Reproduce exactly the lines of the listing from the one containing "Some of the words" to its final line, both included.

— GIVEN ENTRIES —
══════════════════════════════
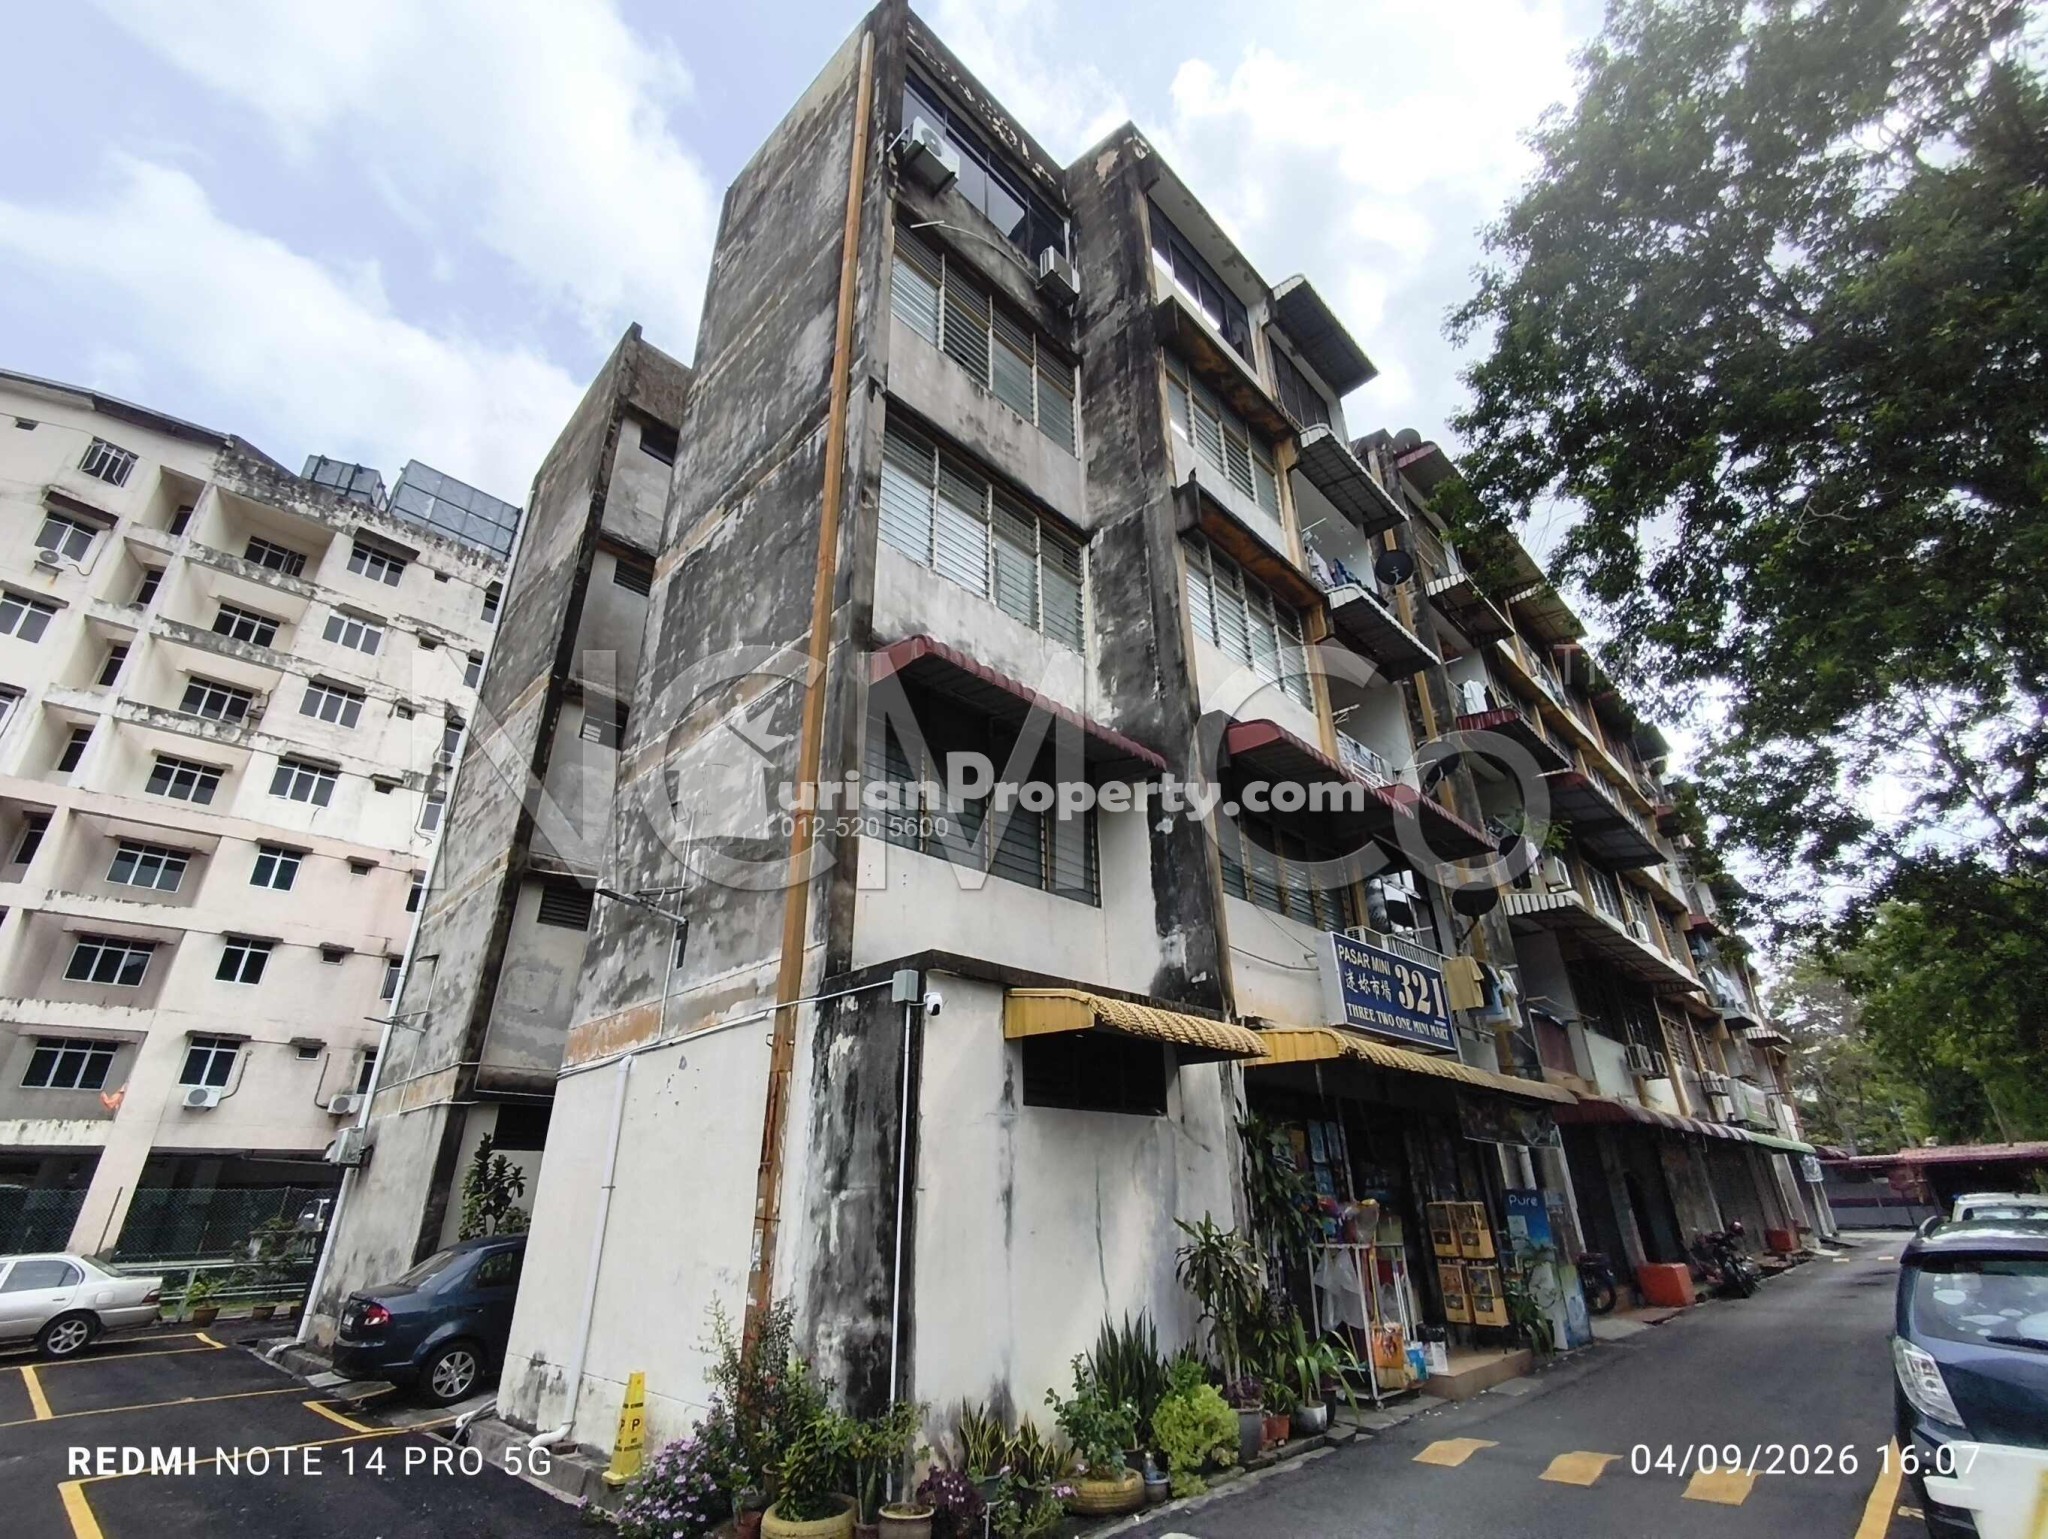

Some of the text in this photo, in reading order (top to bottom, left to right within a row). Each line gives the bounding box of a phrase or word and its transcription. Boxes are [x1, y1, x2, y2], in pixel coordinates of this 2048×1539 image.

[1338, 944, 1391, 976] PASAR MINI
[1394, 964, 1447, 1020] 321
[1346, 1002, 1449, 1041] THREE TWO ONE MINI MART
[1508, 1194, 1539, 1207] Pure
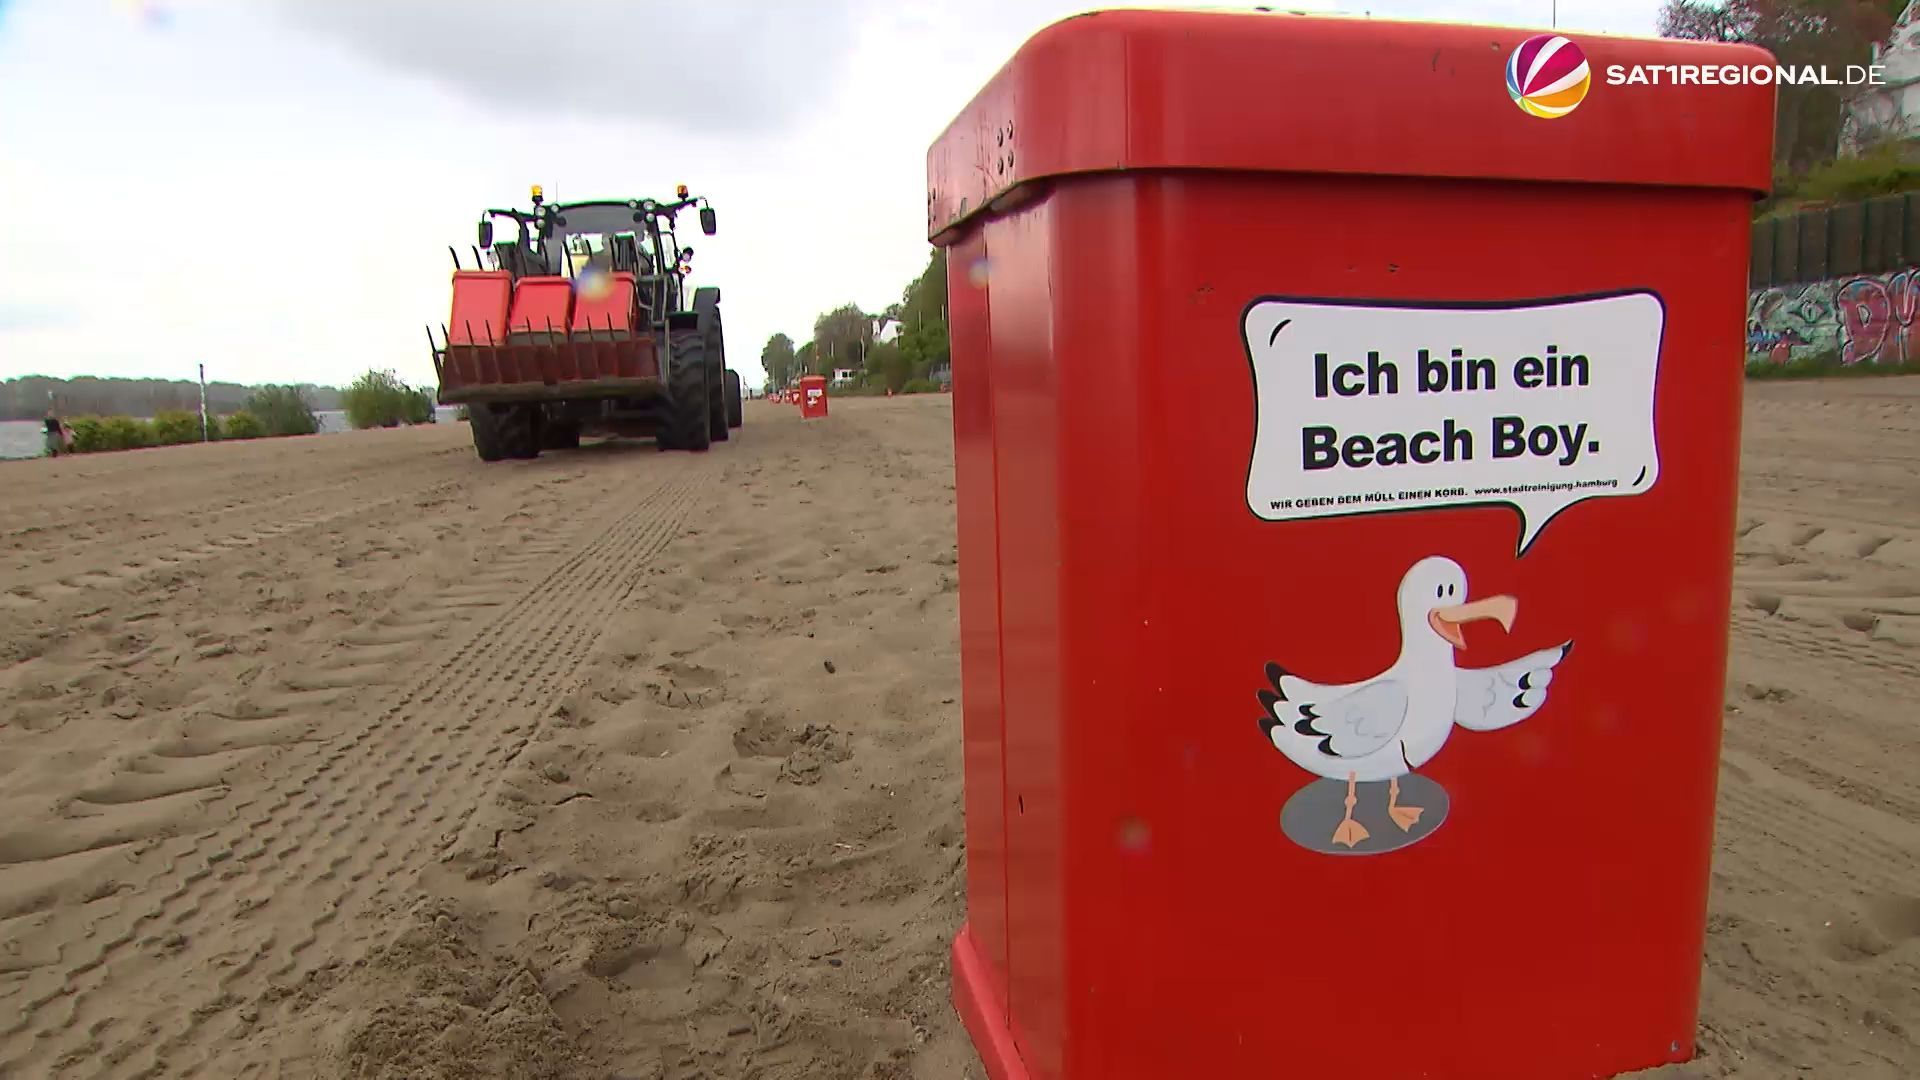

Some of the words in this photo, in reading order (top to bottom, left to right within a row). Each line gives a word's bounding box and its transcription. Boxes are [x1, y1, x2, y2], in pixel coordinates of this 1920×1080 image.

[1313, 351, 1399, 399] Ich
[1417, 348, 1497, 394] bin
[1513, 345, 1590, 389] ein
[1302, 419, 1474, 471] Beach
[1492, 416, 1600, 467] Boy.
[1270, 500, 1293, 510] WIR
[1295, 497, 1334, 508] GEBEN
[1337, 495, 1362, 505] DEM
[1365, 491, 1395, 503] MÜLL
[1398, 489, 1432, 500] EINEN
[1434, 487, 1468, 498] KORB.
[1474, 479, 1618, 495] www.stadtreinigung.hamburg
══════════════════════════════
— RESPONSE AREA —
Some of the words in this photo, in reading order (top to bottom, left to right within a row). Each line gives a word's bounding box and its transcription. Boxes are [x1, y1, x2, y2], in pixel coordinates of this 1920×1080 image.

[1313, 351, 1399, 399] Ich
[1417, 348, 1497, 394] bin
[1513, 345, 1590, 389] ein
[1302, 419, 1474, 471] Beach
[1492, 416, 1600, 467] Boy.
[1270, 500, 1293, 510] WIR
[1295, 497, 1334, 508] GEBEN
[1337, 495, 1362, 505] DEM
[1365, 491, 1395, 503] MÜLL
[1398, 489, 1432, 500] EINEN
[1434, 487, 1468, 498] KORB.
[1474, 479, 1618, 495] www.stadtreinigung.hamburg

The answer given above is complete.